== Records for processing

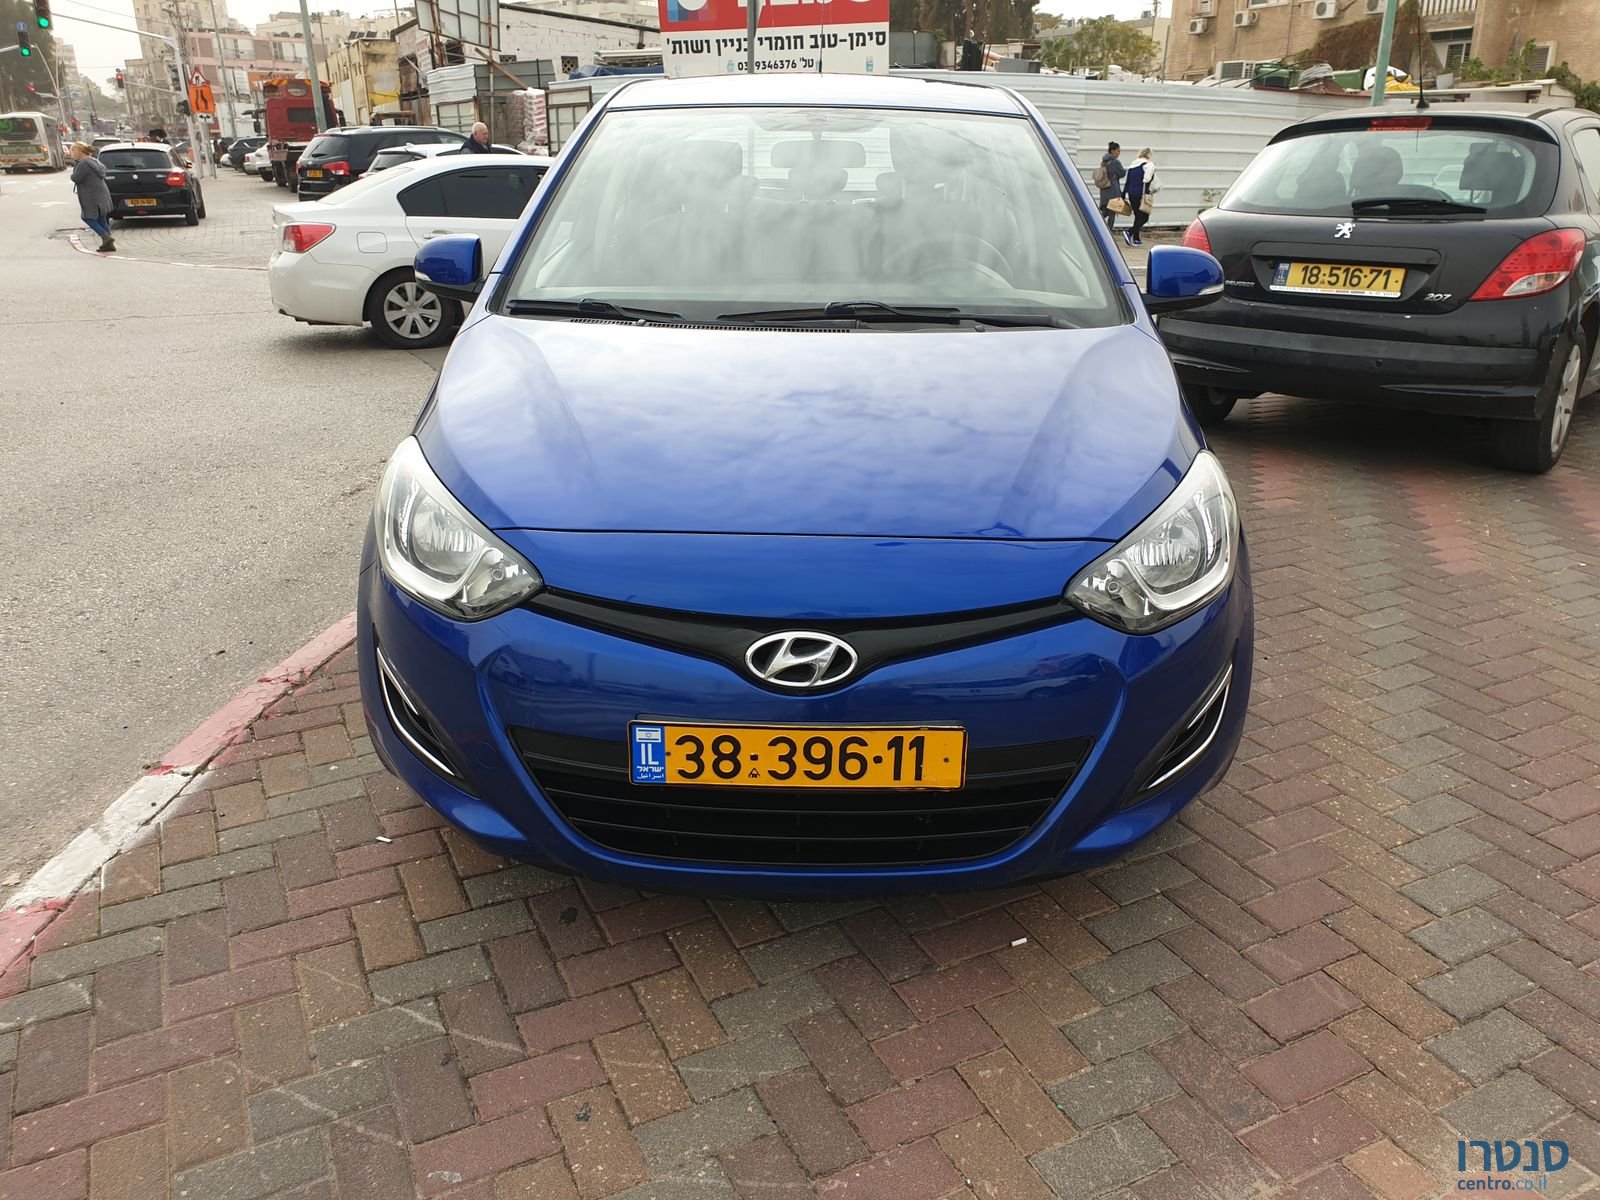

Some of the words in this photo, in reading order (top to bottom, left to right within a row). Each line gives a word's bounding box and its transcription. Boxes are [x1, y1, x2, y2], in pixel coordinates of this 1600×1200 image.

[757, 35, 804, 51] חומרי
[809, 31, 886, 50] סימן-טוב
[1424, 293, 1452, 301] 207
[640, 743, 659, 764] IL

====

Give all entries again verbatim, without any images.

Some of the words in this photo, in reading order (top to bottom, left to right within a row). Each line gives a word's bounding box and its transcription. Boxes are [x1, y1, x2, y2], in pixel coordinates of this 1600×1200 image.

[757, 35, 804, 51] חומרי
[809, 31, 886, 50] סימן-טוב
[1424, 293, 1452, 301] 207
[640, 743, 659, 764] IL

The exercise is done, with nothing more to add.